Items listed in a dataset
════════════════════

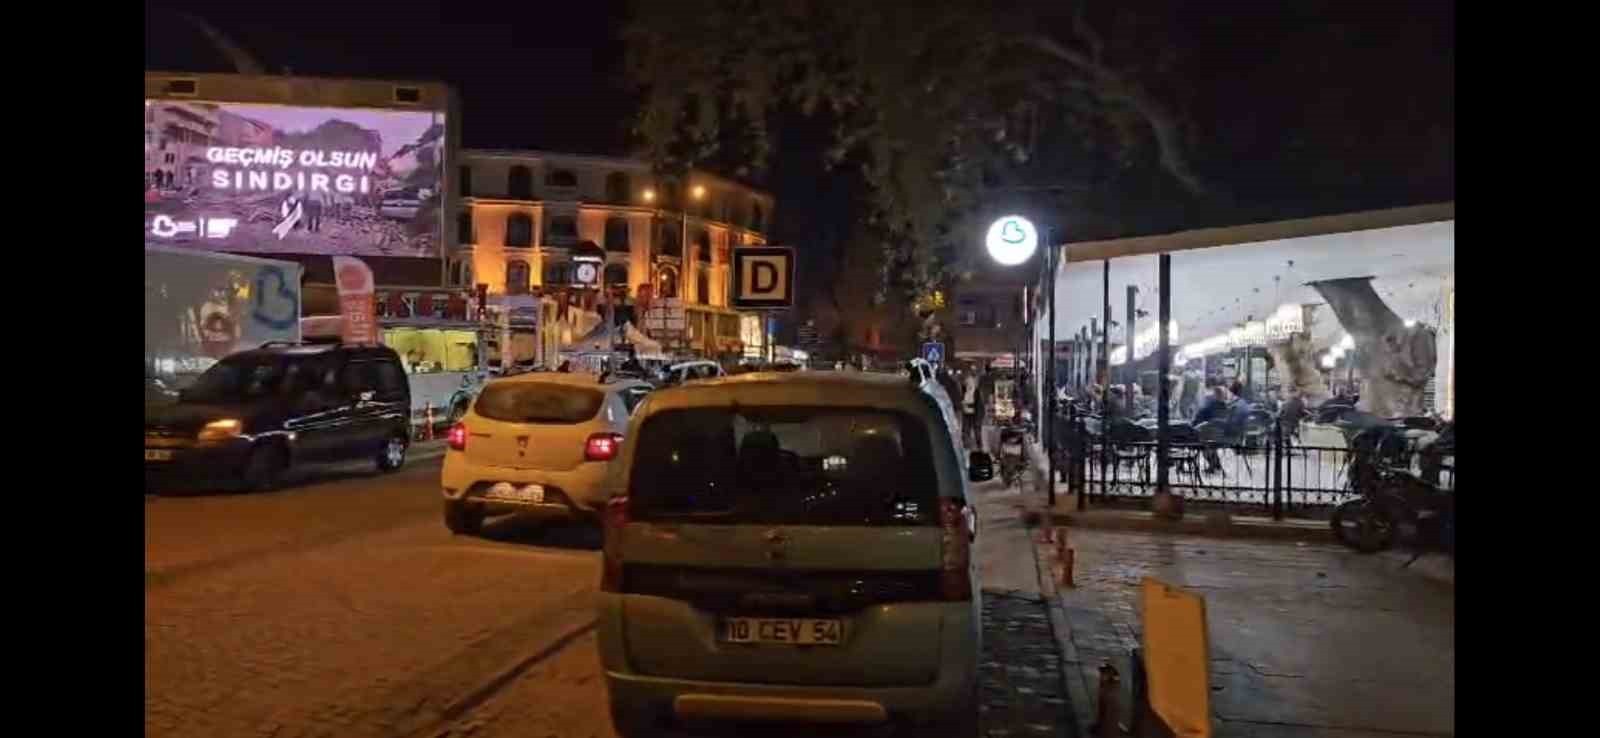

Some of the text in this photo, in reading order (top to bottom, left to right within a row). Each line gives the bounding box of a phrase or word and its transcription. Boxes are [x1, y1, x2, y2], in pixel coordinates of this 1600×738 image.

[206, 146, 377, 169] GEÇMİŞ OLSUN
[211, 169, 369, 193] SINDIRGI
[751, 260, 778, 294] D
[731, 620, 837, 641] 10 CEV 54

════════════════════

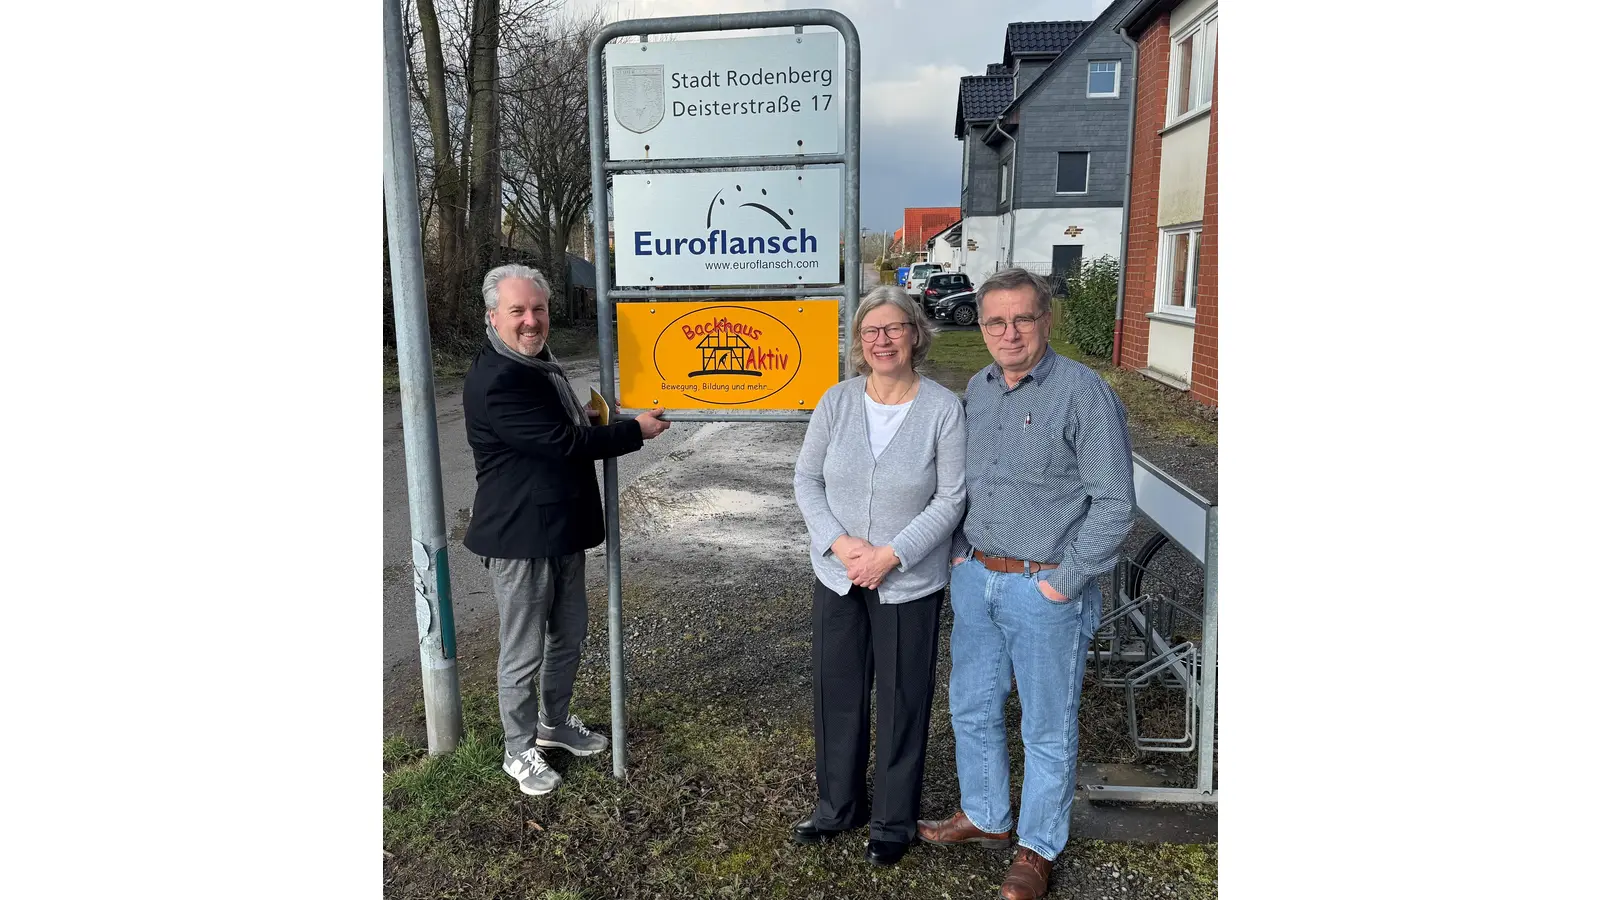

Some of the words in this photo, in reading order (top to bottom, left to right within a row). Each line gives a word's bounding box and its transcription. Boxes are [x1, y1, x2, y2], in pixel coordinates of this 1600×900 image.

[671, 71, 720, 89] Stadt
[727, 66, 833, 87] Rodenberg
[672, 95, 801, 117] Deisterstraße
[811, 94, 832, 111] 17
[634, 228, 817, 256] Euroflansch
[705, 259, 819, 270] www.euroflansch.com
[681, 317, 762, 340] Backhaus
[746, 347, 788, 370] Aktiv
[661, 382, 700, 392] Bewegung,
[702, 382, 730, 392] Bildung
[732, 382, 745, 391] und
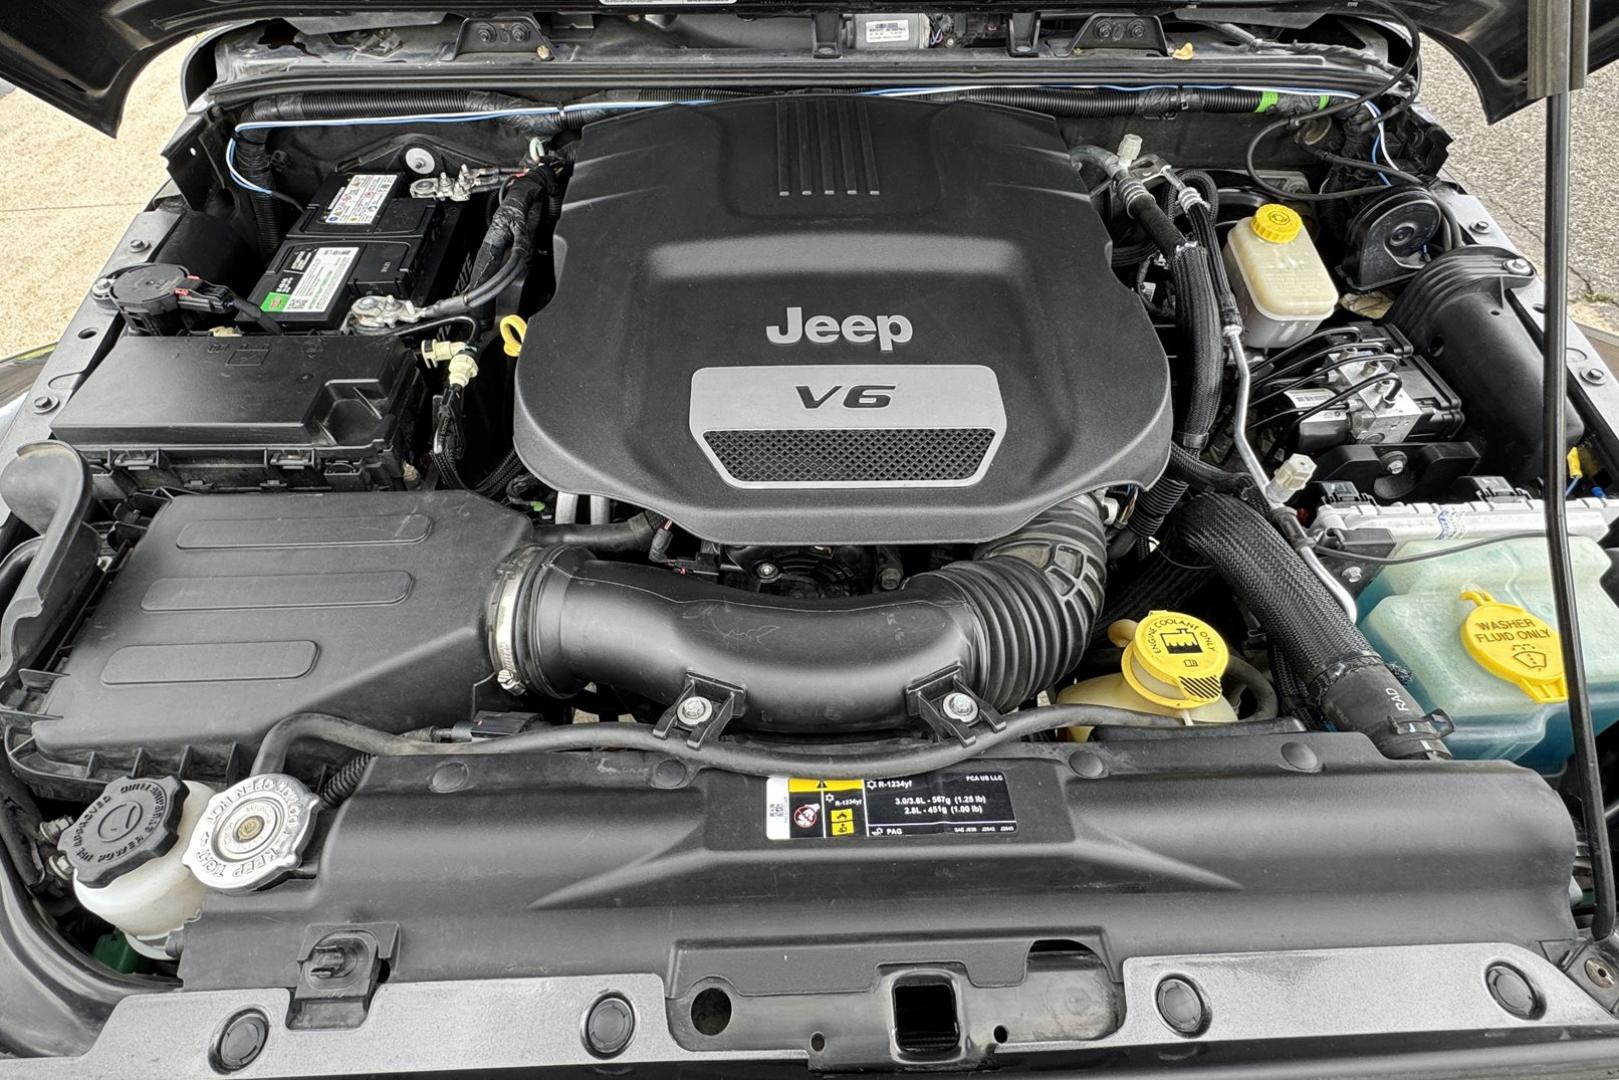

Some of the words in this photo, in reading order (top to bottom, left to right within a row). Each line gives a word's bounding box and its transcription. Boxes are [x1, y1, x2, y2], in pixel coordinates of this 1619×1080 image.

════════════════════

• **ASSIGNED TASK**
Output only the lines above from the line that holds "this 1600×900 image." through the line that holds "this 1619×1080 image.", both ends included, and exclude pictures.

• **SOLUTION**
Some of the words in this photo, in reading order (top to bottom, left to right within a row). Each line gives a word's bounding box and its transcription. Boxes are [x1, y1, x2, y2], in pixel coordinates of this 1600×900 image.

[671, 71, 720, 89] Stadt
[727, 66, 833, 87] Rodenberg
[672, 95, 801, 117] Deisterstraße
[811, 94, 832, 111] 17
[634, 228, 817, 256] Euroflansch
[705, 259, 819, 270] www.euroflansch.com
[681, 317, 762, 340] Backhaus
[746, 347, 788, 370] Aktiv
[661, 382, 700, 392] Bewegung,
[702, 382, 730, 392] Bildung
[732, 382, 745, 391] und

Some of the words in this photo, in reading order (top to bottom, left to right within a row). Each line gives a word's bounding box and its transcription. Boxes are [x1, y1, x2, y2], in pixel coordinates of this 1619×1080 image.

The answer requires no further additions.